*** DATA SUPPLIED ***

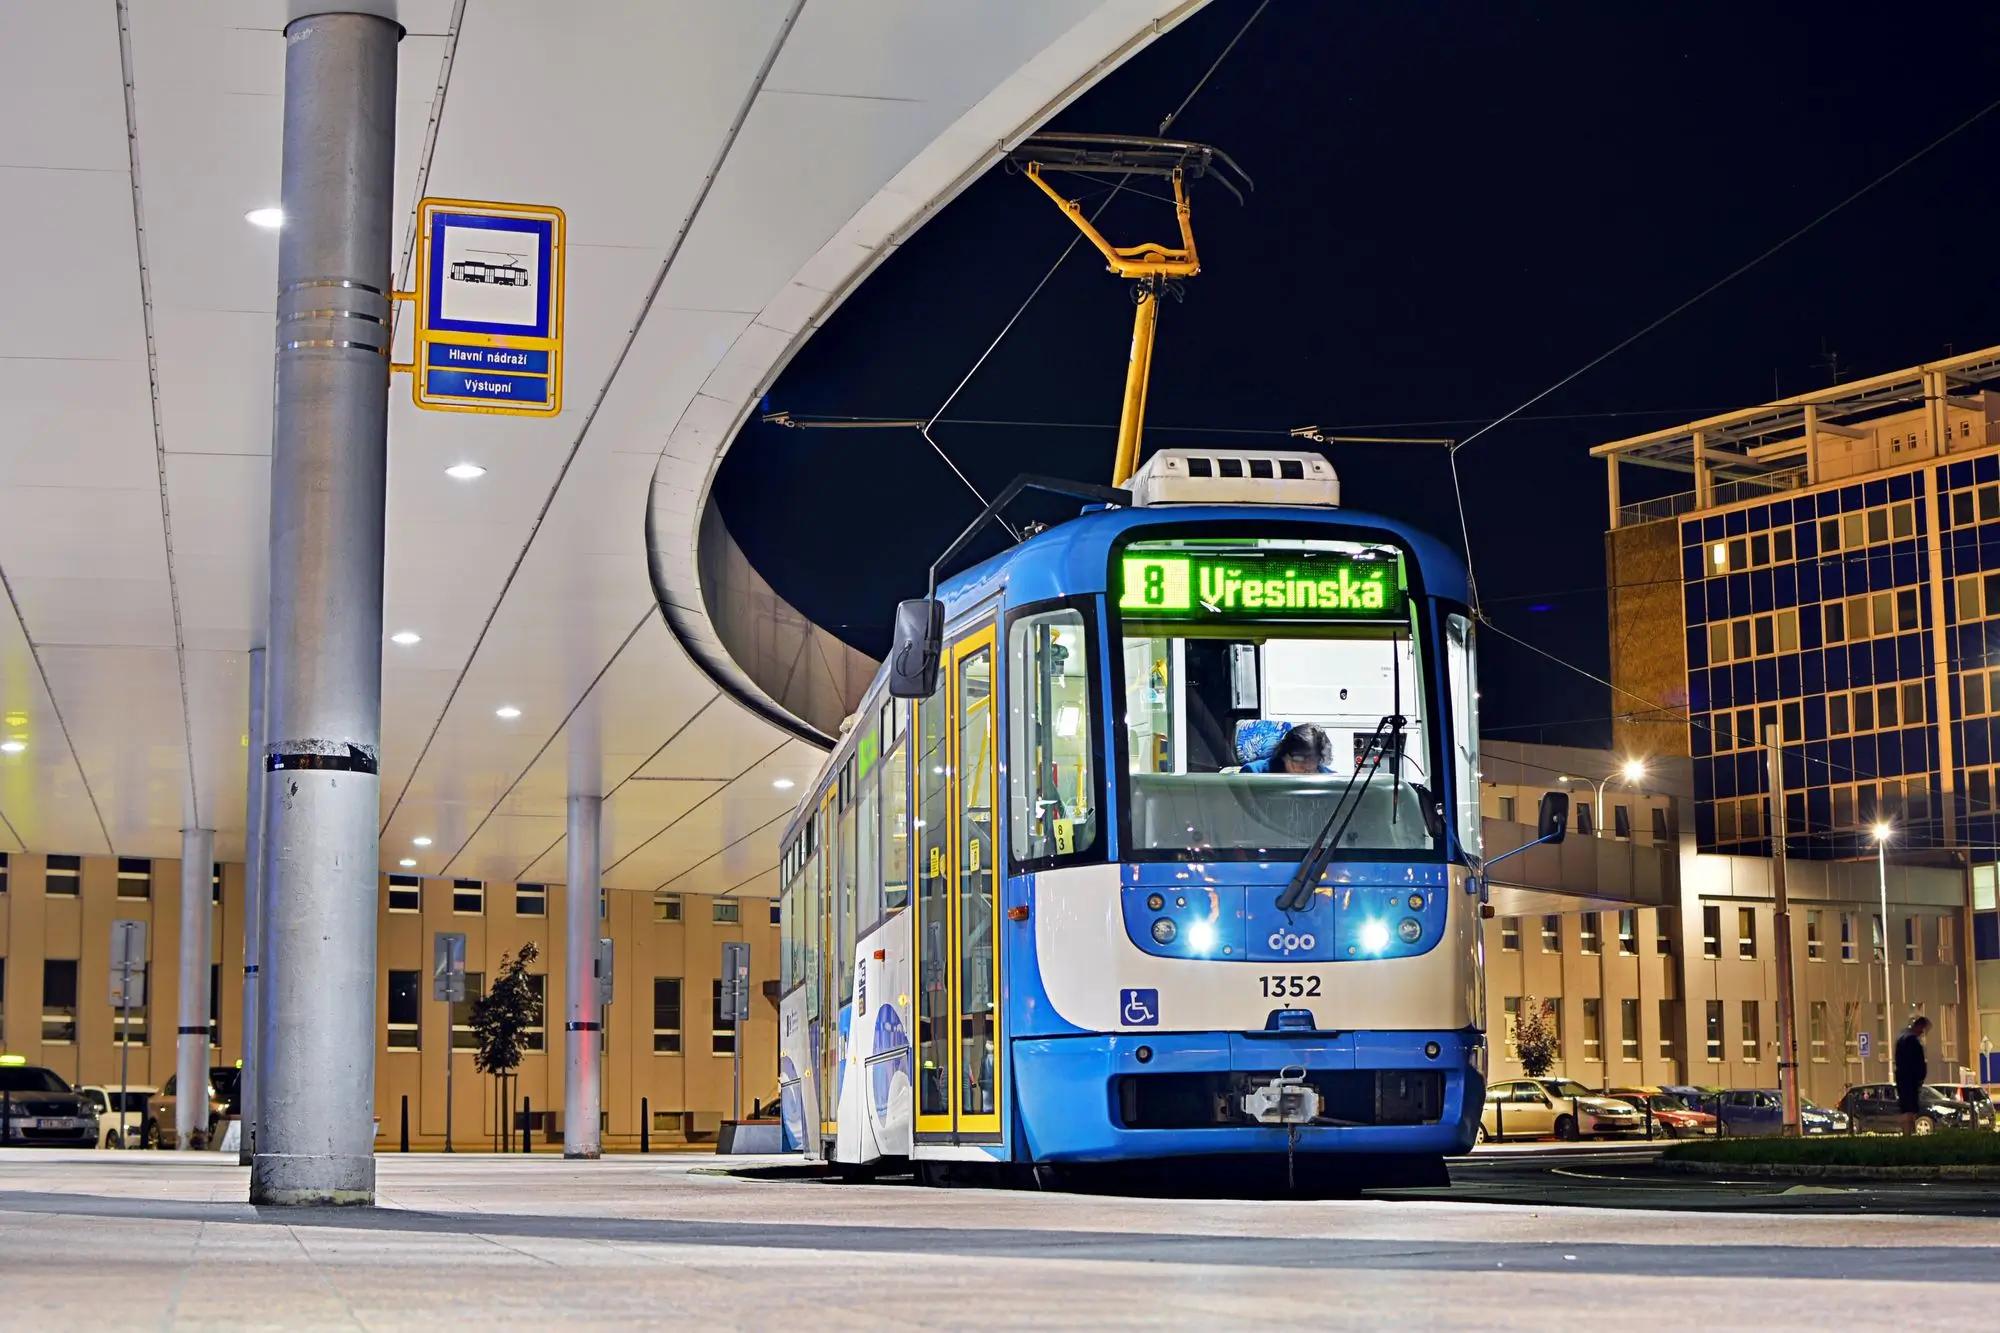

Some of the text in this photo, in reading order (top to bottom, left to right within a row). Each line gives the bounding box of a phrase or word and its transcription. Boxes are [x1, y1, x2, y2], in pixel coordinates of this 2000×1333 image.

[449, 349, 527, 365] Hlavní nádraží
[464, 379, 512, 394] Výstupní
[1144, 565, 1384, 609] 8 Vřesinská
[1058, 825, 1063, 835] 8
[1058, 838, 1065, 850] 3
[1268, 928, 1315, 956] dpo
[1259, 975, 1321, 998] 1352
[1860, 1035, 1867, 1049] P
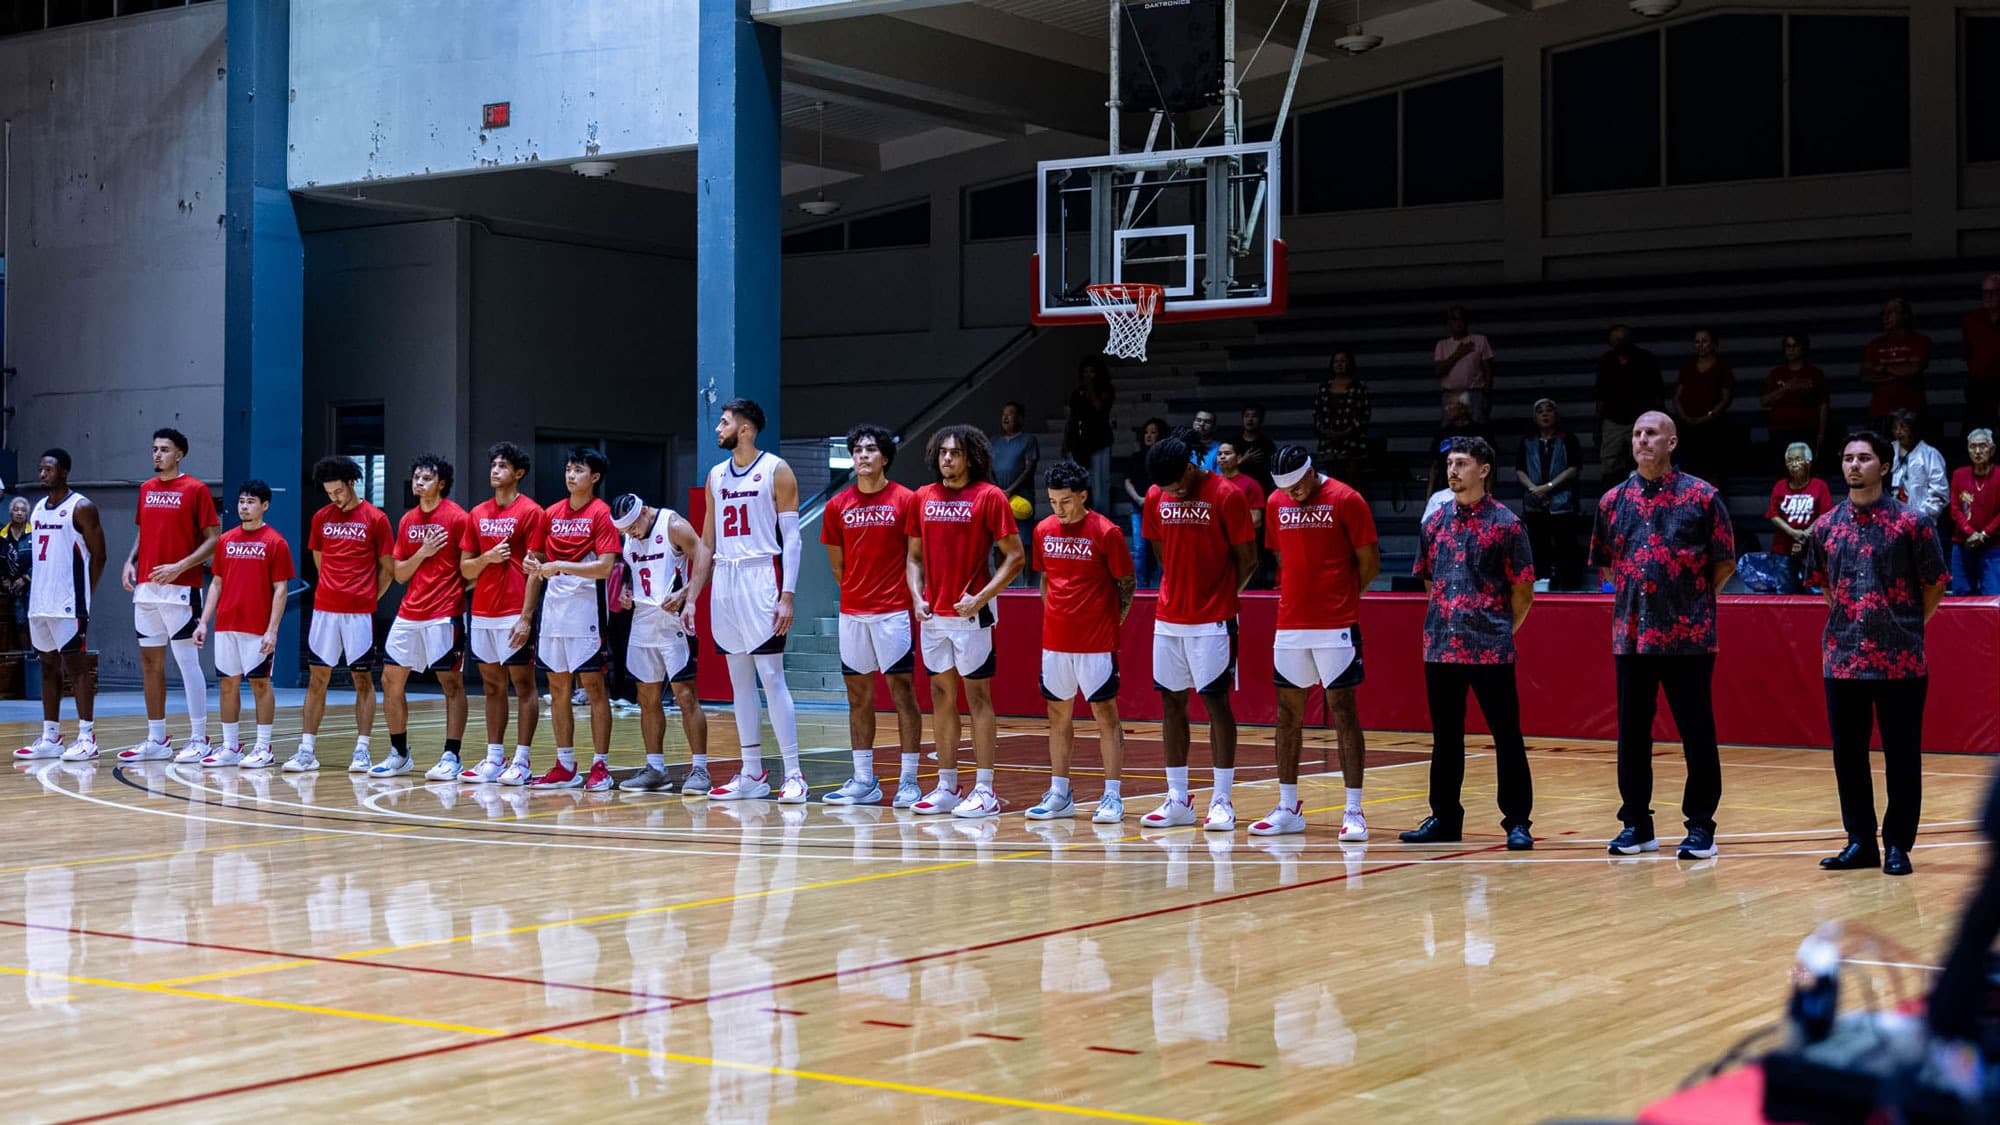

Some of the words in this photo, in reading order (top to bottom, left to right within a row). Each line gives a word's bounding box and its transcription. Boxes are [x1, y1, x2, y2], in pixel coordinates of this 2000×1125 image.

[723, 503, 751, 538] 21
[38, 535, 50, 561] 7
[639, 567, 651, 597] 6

*** End of DATA SUPPLIED ***

Each entry gets copied exactly; the pictures stay out.

Some of the text in this photo, in reading order (top to bottom, left to right within a row). Each line gives the bounding box of a phrase or word and its transcription. Boxes are [x1, y1, x2, y2], in pixel coordinates of this 2000×1333 image.

[449, 349, 527, 365] Hlavní nádraží
[464, 379, 512, 394] Výstupní
[1144, 565, 1384, 609] 8 Vřesinská
[1058, 825, 1063, 835] 8
[1058, 838, 1065, 850] 3
[1268, 928, 1315, 956] dpo
[1259, 975, 1321, 998] 1352
[1860, 1035, 1867, 1049] P

Some of the words in this photo, in reading order (top to bottom, left to right within a row). Each line gives a word's bounding box and its transcription. Boxes are [x1, y1, x2, y2], in pixel coordinates of this 2000×1125 image.

[723, 503, 751, 538] 21
[38, 535, 50, 561] 7
[639, 567, 651, 597] 6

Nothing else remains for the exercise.